Mooppan also sought to brush aside Maryland’s claim that Trump broke the law by appointing Whitaker to serve as acting attorney general.
“The chief of staff to the attorney general… is intimately familiar with the operations of the entire department,” he said. “It’s not like we picked some GS-15. They picked the chief of staff to the attorney general. This is a totally sensible and reasonable choice for who is going to run a cabinet department for the short term.”
Goldstein, in rebuttal, argued that Maryland and the nation “are being subjected to the actions and influence” of a “decision-maker” who has not been confirmed by the U.S. Senate.

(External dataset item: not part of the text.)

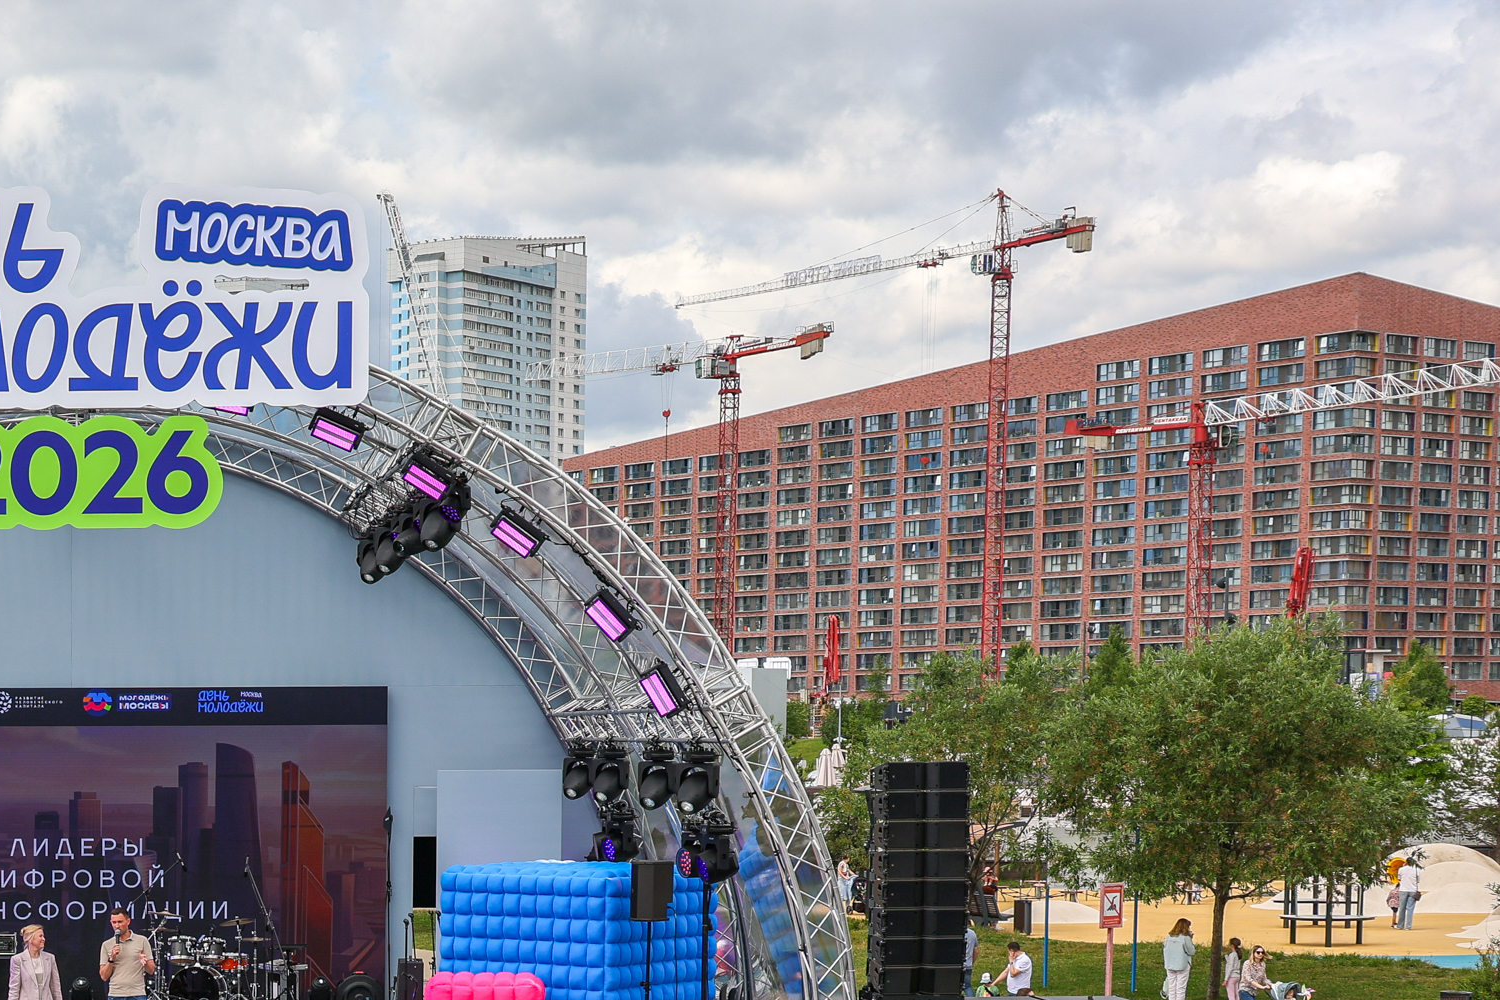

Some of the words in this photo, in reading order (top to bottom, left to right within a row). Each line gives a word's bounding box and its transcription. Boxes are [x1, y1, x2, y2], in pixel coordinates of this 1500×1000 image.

“They make the Attorney General Succession Act meaningless,” he said. “That statute exists for a very specific reason, to stop the president from picking somebody, for example, who might be most inclined to shut down the investigation of the president, just to pick a hypothetical.”
Despite being asked multiple times by the judge if Whitaker has been involved in internal discussions surrounding the Maryland lawsuit, Mooppan refused.
“They have to have a plausible allegation that he is involved, and they don’t,” he replied.
In addition to questioning the legality of Whitaker’s selection to be attorney general, Frosh also accused him of being unqualified. “He was a small-time lawyer in Iowa before he was appointed out of the air as U.S. attorney. … This guy doesn’t belong there. He doesn’t belong there legally, and he doesn’t belong there because he’s unqualified.”
Frosh also defended his decision not to join with Democratic attorneys general in fighting the GOP challenge to Obamacare.
“We don’t have to run to Texas to protect Marylanders.”
Hollander promised a ruling at some point — “but I won’t tell you when.”
And in a gentle dig at the federal government’s attorney, she added: “You’re not the only one who won’t answer a question.”